With a Republican majority in the House and Senate, the new US president may be able to make some of the changes he promised during his campaign. It’s expected that the new government leadership will transform foreign policy, and revise US trading measures. While these changes are not certain, we have seen currency markets shift and it’s clear that corporates are busy updating their hedging policies. There is also confidence that the new administration will dramatically change America’s corporate taxes, including the potential for a one-time cash repatriation tax relief.
Looking back through the presidential campaign, we witnessed Trump’s plans to change corporate tax policies. Back in April 2015, he addressed the topic in an interview with the newsweekly Time. Commenting on offshore cash hoards, Trump said “we should let them back in – everybody. Even if you paid nothing it would be a good deal.”

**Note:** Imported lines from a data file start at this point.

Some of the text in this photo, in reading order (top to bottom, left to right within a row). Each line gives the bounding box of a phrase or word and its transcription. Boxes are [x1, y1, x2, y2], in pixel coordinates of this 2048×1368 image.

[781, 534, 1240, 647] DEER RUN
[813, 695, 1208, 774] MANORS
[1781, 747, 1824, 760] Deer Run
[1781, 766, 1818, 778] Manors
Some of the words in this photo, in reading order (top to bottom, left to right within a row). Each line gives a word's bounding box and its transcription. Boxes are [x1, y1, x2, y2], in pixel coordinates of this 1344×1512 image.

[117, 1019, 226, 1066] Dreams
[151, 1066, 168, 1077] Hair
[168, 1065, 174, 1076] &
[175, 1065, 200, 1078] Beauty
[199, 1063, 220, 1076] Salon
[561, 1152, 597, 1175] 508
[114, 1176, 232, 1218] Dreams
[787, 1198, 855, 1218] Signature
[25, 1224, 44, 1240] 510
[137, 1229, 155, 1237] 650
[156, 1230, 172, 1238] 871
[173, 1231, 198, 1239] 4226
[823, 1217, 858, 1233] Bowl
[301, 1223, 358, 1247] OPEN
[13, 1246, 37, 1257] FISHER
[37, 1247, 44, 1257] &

He added that corporations “will have to pay something. Ten percent, they’ll pay something.” From that point, many US corporations with cash reserves existing offshore began assessing their current liquidity profile in order to determine how this could be restructured, should a one-time tax relief be offered to bring cash back into the US.
A massive cash pile
US corporations have more than US$2.5 trillion sitting offshore – and there it will most likely stay and grow, since under the current US repatriation tax companies are faced with a 35% repatriation tax, forcing them to leave those assets elsewhere, and to invest in foreign companies. For example companies may fund off-shore acquisition projects with cash reserves and newly-issued debt. Alternatively, companies have been leveraging low-interest rates for shareholder dividends or stock repurchase programmes, rather than using offshore reserves.
A decrease in the repatriation tax rate, or a potential tax-holiday with ultra-low rates, would incentivise American corporations to mobilise off-shore cash holdings back the US. Assuming that tax policy is changed, it’s only economically logical that we will see US-based multinationals active in the following cash management strategies:
- Debt repayment:
Ultra-low interest rates, following the last US recession in late 2007 to mid-2009, has seen balance sheets become overly leveraged in many corporations with rising debt levels. Bringing cash back onshore could result in companies looking to pay down their debt levels.

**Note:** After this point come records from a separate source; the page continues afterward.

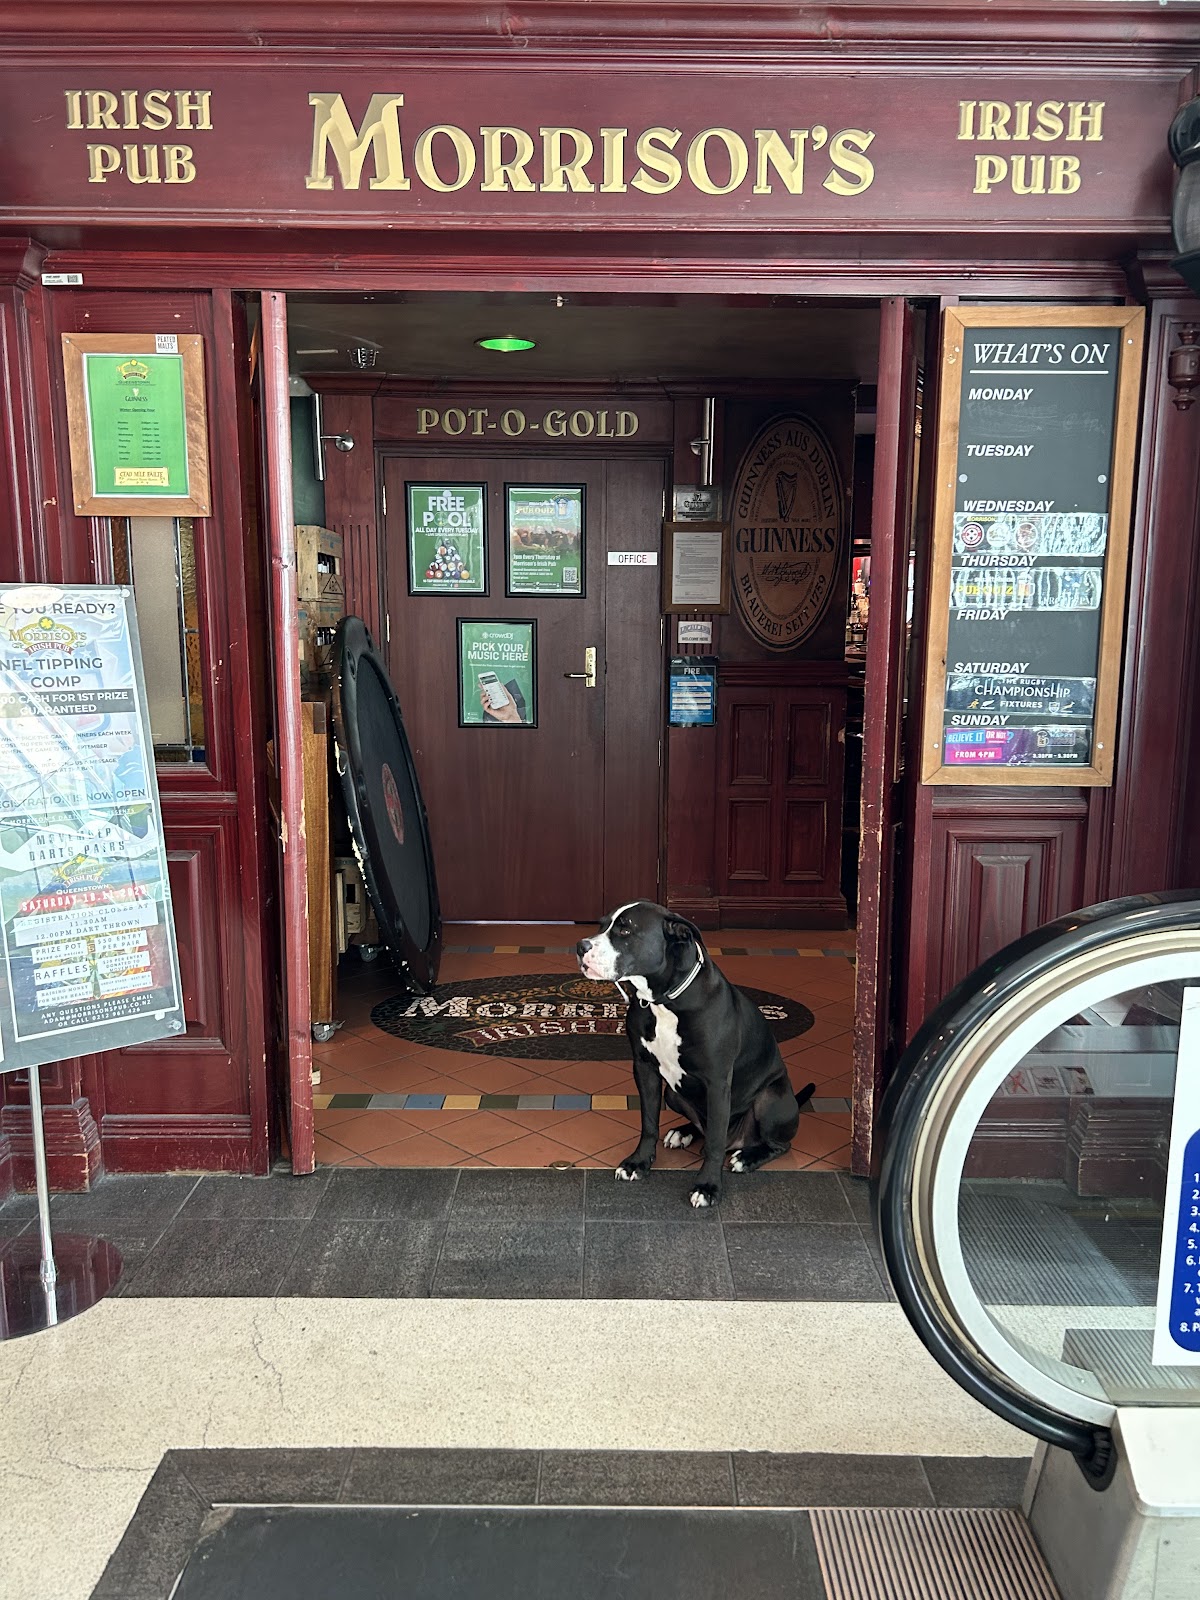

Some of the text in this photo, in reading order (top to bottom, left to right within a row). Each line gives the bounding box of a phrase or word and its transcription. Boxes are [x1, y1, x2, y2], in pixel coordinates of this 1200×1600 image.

[65, 90, 213, 130] IRISH
[957, 100, 1105, 141] IRISH
[305, 93, 876, 196] MORRISON'S
[87, 144, 197, 185] PUB
[973, 154, 1082, 194] PUB
[974, 343, 1110, 364] WHAT'S ON
[969, 388, 1033, 400] MONDAY
[416, 408, 639, 437] POT-O-GOLD
[966, 445, 1034, 456] TUESDAY
[738, 433, 782, 520] GUINNESS
[786, 429, 810, 452] AUS
[808, 446, 836, 520] DUBLIN
[428, 496, 465, 511] FREE
[963, 500, 1054, 512] WEDNESDAY
[735, 528, 836, 553] GUINNESS
[618, 554, 647, 563] OFFICE
[960, 555, 1038, 566] THURSDAY
[53, 603, 116, 614] READY?
[740, 573, 782, 637] BRAUEREI
[810, 574, 827, 614] 1759
[957, 610, 1009, 620] FRIDAY
[9, 629, 87, 641] MORRISON'S
[28, 643, 70, 653] IRISH PUB
[472, 642, 524, 652] PICK YOUR
[468, 651, 528, 661] MUSIC HERE
[0, 658, 103, 671] NFL TIPPING
[954, 662, 1029, 674] SATURDAY
[31, 675, 81, 688] COMP
[974, 681, 1070, 698] CHAMPIONSHIP
[19, 691, 128, 704] CASH FOR 1ST PRIZE
[20, 704, 97, 716] GUARANTEED
[951, 715, 1009, 726] SUNDAY
[948, 732, 973, 743] BELIEVE
[975, 731, 984, 742] IT
[86, 791, 113, 800] NOW
[115, 789, 146, 799] OPEN
[29, 841, 125, 861] DARTS PAIRS
[56, 884, 109, 895] QUEENSTOWN
[21, 895, 77, 911] SATURDAY
[36, 920, 140, 940] 12.00PM DART THROWN
[36, 942, 81, 955] PRIZE POT
[35, 964, 88, 980] RAFFLES
[60, 1004, 101, 1015] QUESTIONS
[104, 998, 130, 1007] PLEASE
[132, 994, 153, 1002] EMAIL
[44, 1000, 151, 1025] ADAM@MORRISONSPUB.CO.NZ
[71, 1017, 89, 1025] CALL
[477, 1020, 597, 1041] IRISH

- Stock repurchasing:Stock repurchasing for companies has been at an all-time high, often times funded by debt, and used to help boost earnings per share (EPS). Increased cash flow could see the continuation of repurchasing and dividend programmes by corporations leveraging the new inflow of offshore cash.
- Mergers and acquisitions:M&A activity could see spikes in activity following tax changes. In a global survey of chief financial officers (CFOs) by US broadcaster CNBC, M&A was voted the highest capital allocation priority should the corporate tax structures change, with 28% ranking it as top.

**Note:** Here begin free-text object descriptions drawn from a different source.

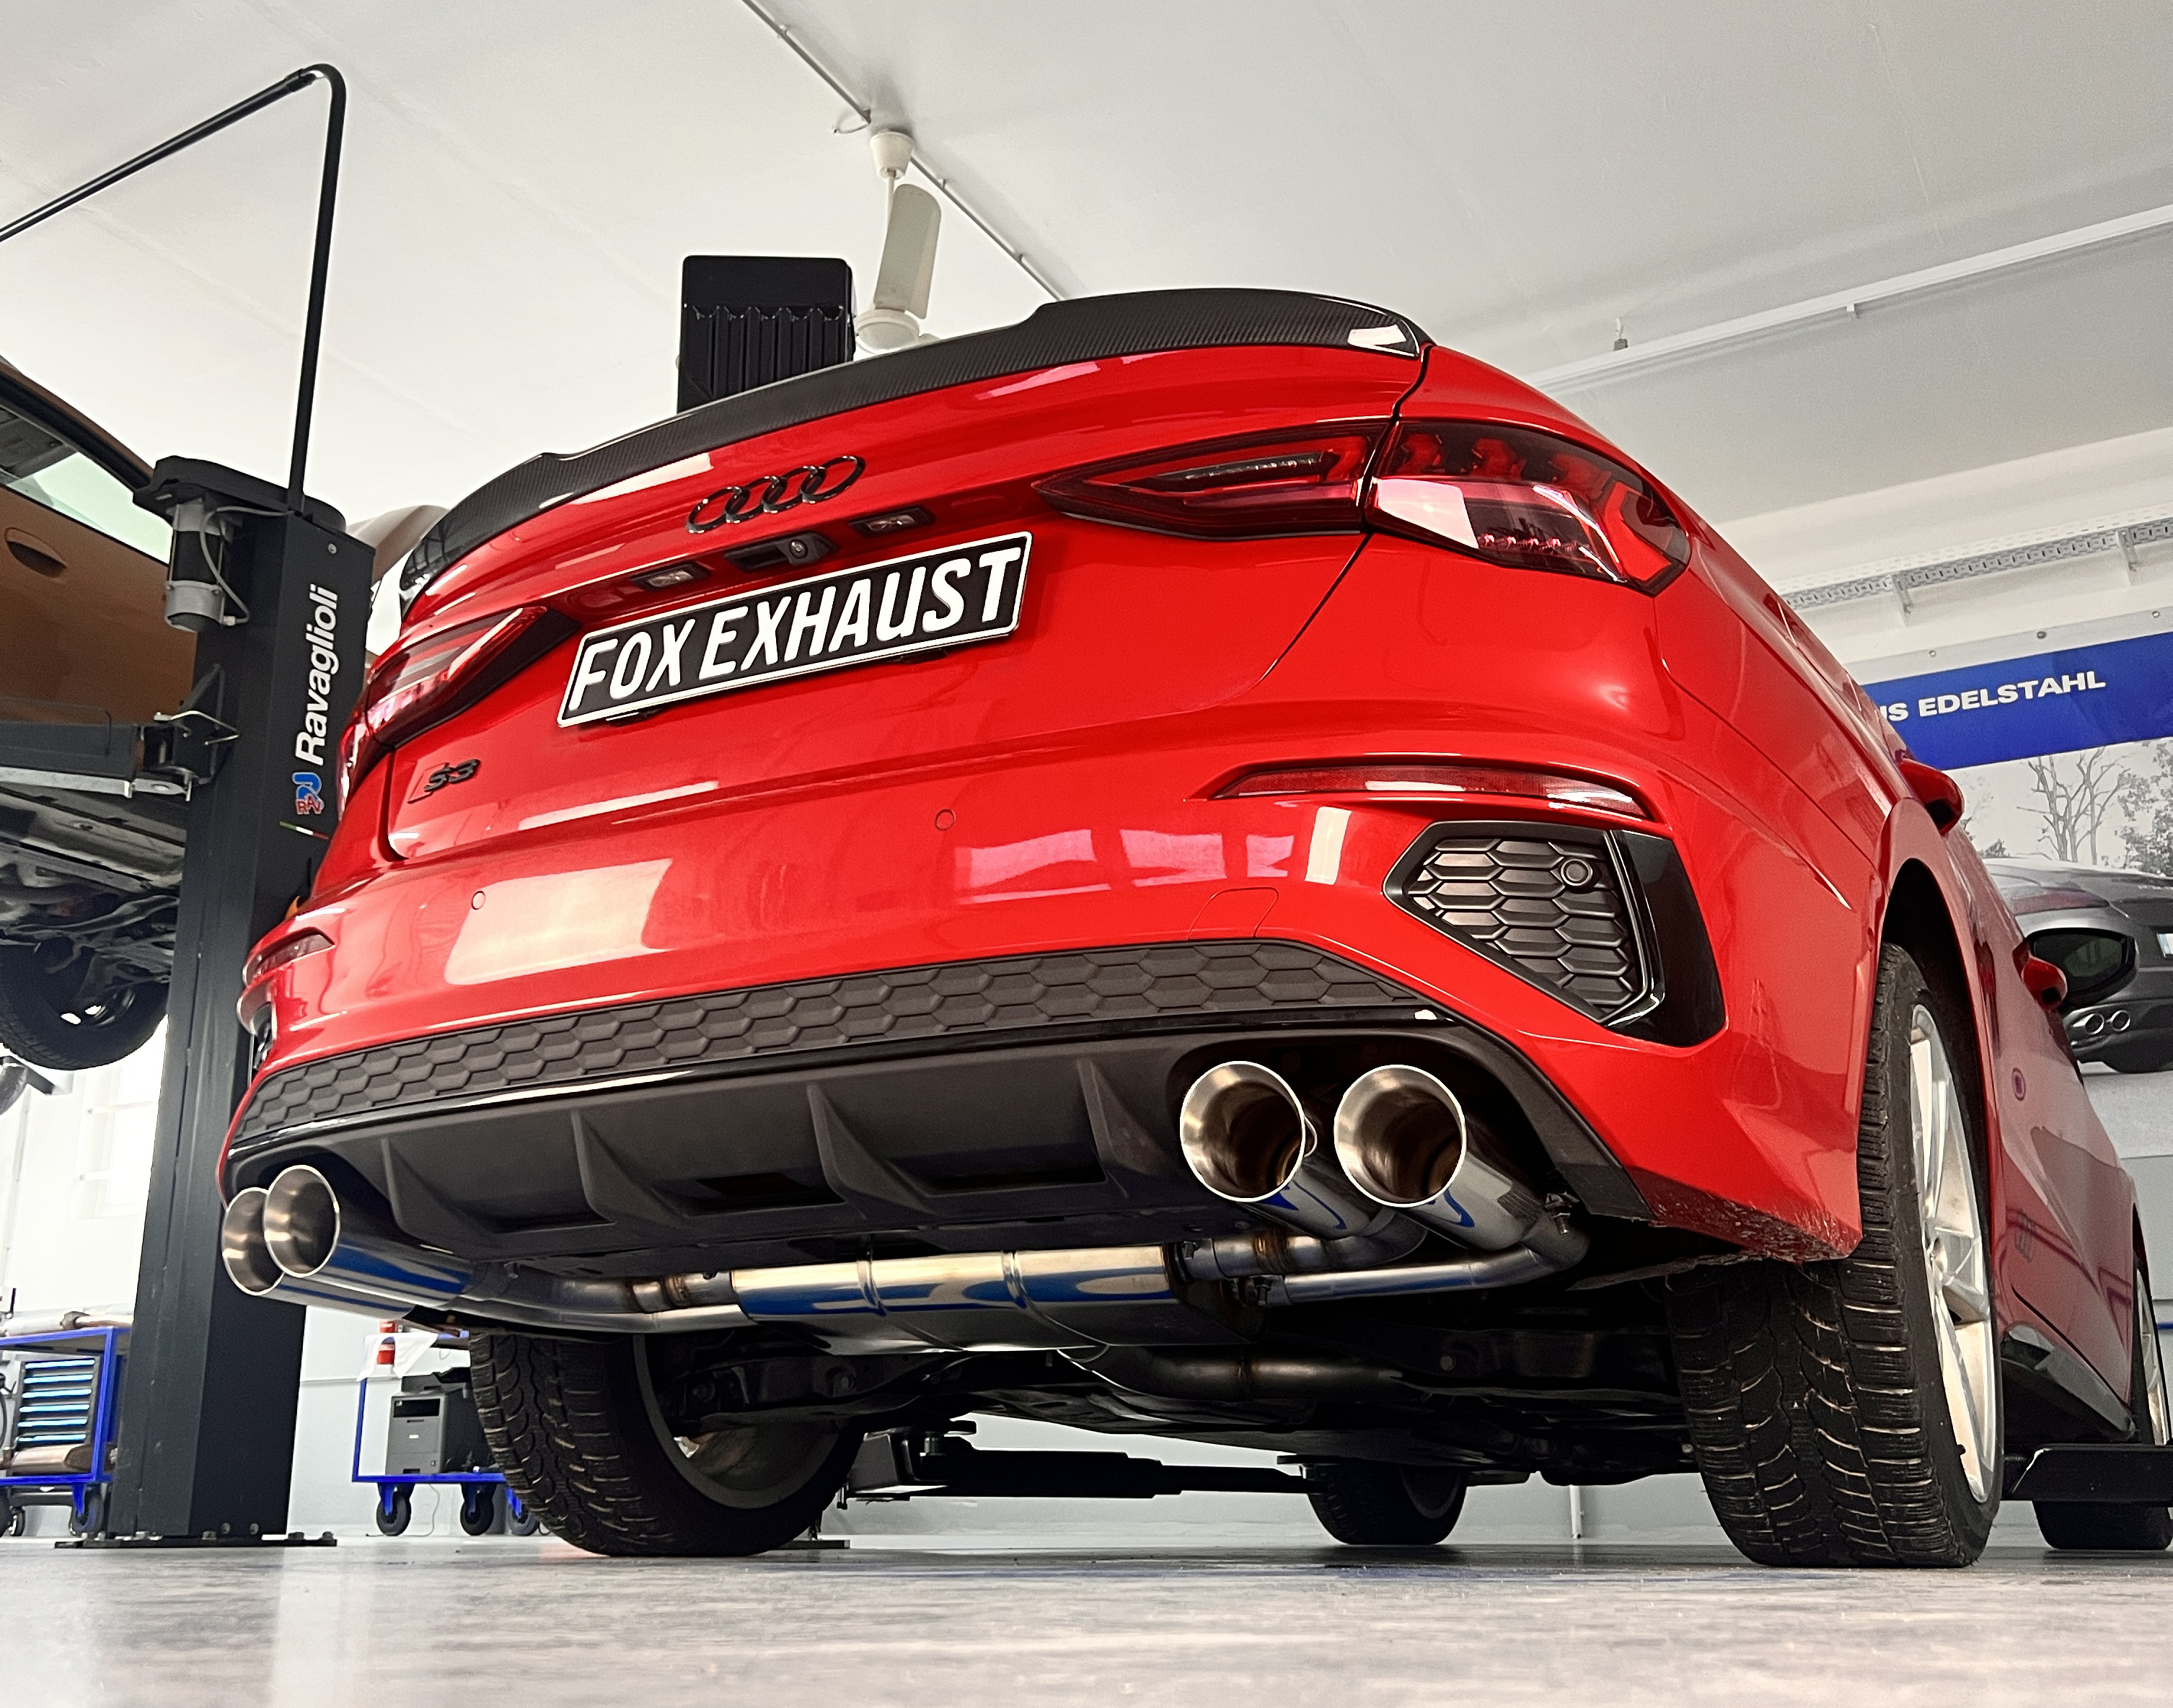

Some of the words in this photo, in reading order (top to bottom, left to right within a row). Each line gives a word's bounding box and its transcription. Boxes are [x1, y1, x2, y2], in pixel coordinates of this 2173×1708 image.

[295, 583, 340, 766] Ravaglioli
[568, 618, 696, 712] FOX
[698, 546, 1022, 682] EXHAUST
[1918, 670, 2107, 718] EDELSTAHL
[423, 758, 481, 793] S3

Freeing up this offshore trapped cash is a hot topic of debate. The outcome of these cash management strategies impacts treasury and financial professionals globally, but mainly in the US. Interestingly, the chief executive officer (CEO) and CFO who are looking to ramp up on the Trump administration’s decisions will be focusing their attention on how their financial teams, accounting and treasury can create the best path to mobilise cash; which will depend upon the company’s financial profile, market standing and of course on any governmental stipulations that may be imposed along with the tax changes.
These initiatives will be led by the accounting and tax teams within corporations. Treasury will be responsible for assisting these groups in understanding the implications of any decision to repatriate cash – should they decide to act on the anticipated tax changes. Team members should be ready to provide guidance on cash positions around the world, including:
- Global cash availability:
CEOs and CFOs will want to know what their global liquidity profile is in order to make decisions about their cash on hand. Evaluating their bank accounts quickly and accurately will depend on how their bank connectivity is set up, and what technology they use for reporting.
- Forecasting in partnership with finance:
A tax holiday does not automatically assume cash will flows directly into the US. Companies will evaluate their strategy both domestically and internationally. Why would a US corporate, for example, repatriate foreign cash if they already had plans to invest that cash in a foreign subsidiary? Treasury teams will need to solidify their forecasting for working capital needs for all entities, so that future obligations can be met. This consolidation of information will come from various business segments spread throughout the globe. Treasurers should look to leverage technology to help in this collection and analysis process.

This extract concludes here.